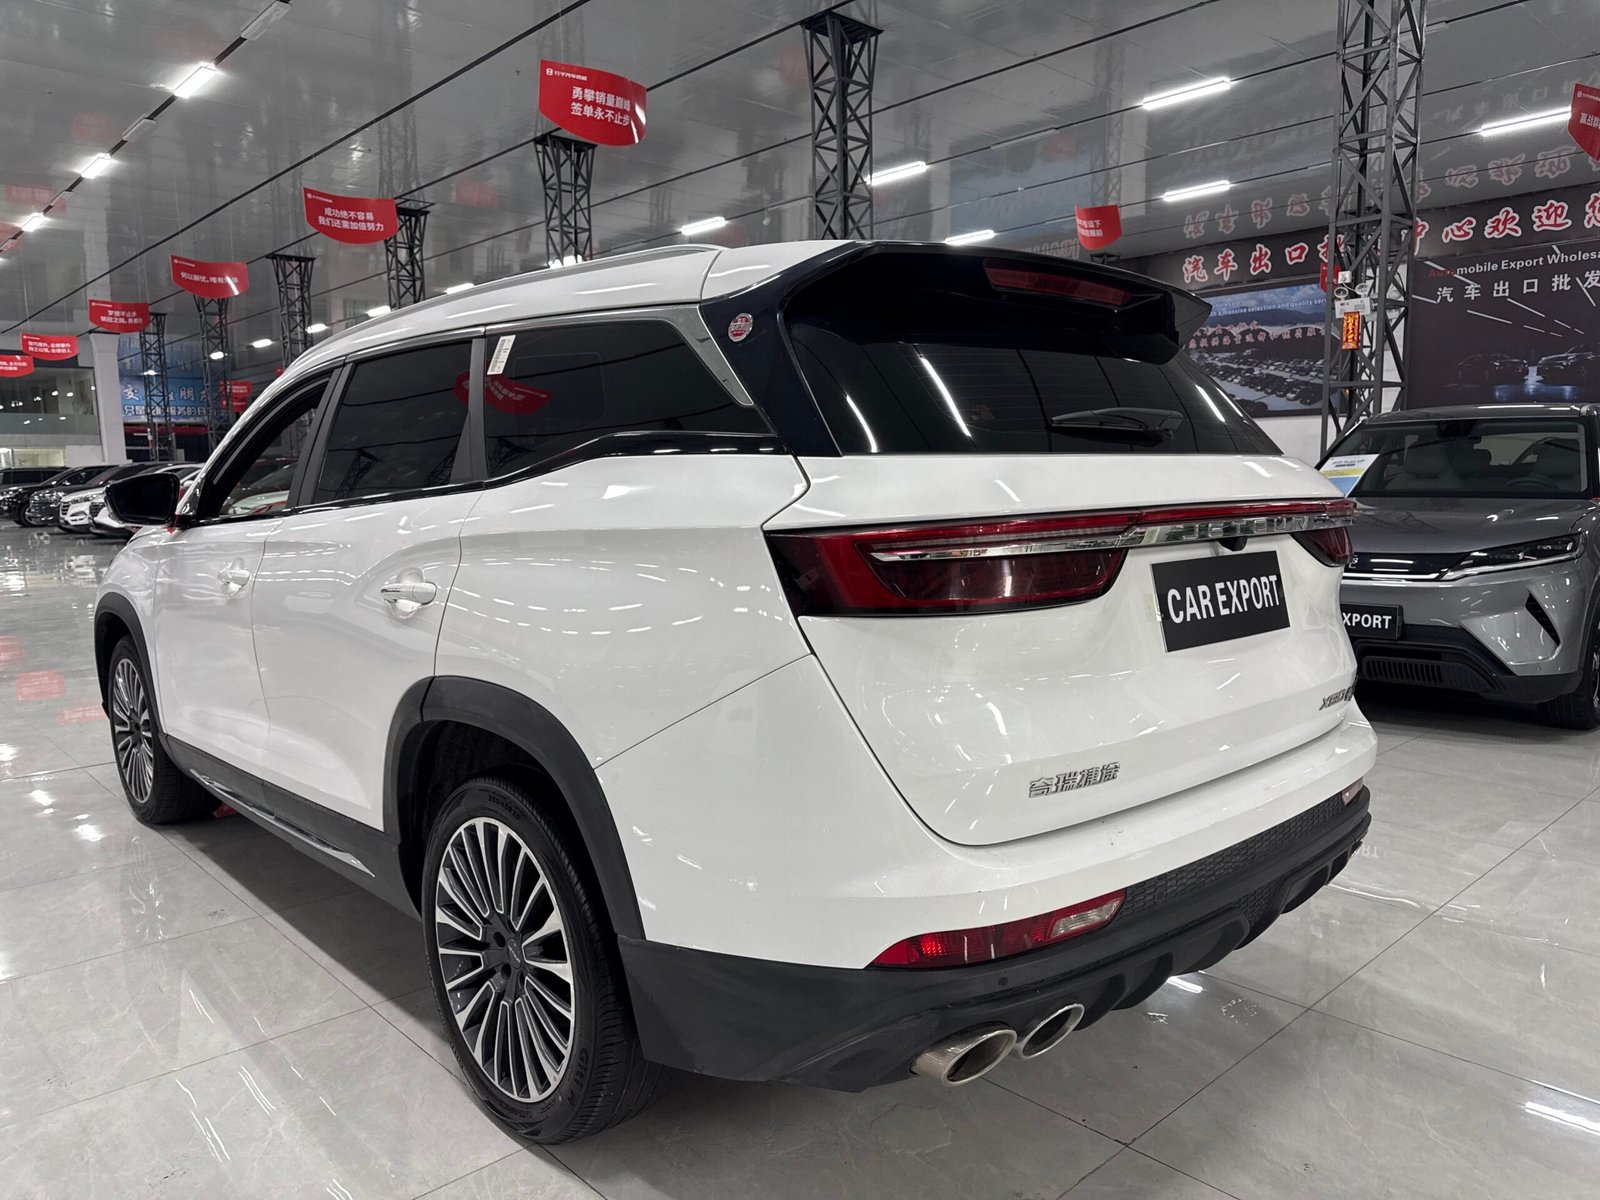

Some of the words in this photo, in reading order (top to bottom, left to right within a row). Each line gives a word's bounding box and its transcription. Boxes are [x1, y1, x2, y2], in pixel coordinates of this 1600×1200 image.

[570, 102, 630, 126] 签单永不止步
[1428, 262, 1498, 277] Automobile
[1501, 256, 1543, 271] Export
[1436, 270, 1600, 303] 汽车出口批发
[1182, 515, 1309, 540] JETOUR
[1167, 584, 1215, 624] CAR
[1215, 574, 1280, 616] EXPORT
[1342, 612, 1392, 629] XPORT
[1028, 762, 1121, 798] 奇瑞捷途

## Try it
With the pictures left out, return the listing above exactly as it stands.

## Result of this task
Some of the words in this photo, in reading order (top to bottom, left to right within a row). Each line gives a word's bounding box and its transcription. Boxes are [x1, y1, x2, y2], in pixel coordinates of this 1600×1200 image.

[570, 102, 630, 126] 签单永不止步
[1428, 262, 1498, 277] Automobile
[1501, 256, 1543, 271] Export
[1436, 270, 1600, 303] 汽车出口批发
[1182, 515, 1309, 540] JETOUR
[1167, 584, 1215, 624] CAR
[1215, 574, 1280, 616] EXPORT
[1342, 612, 1392, 629] XPORT
[1028, 762, 1121, 798] 奇瑞捷途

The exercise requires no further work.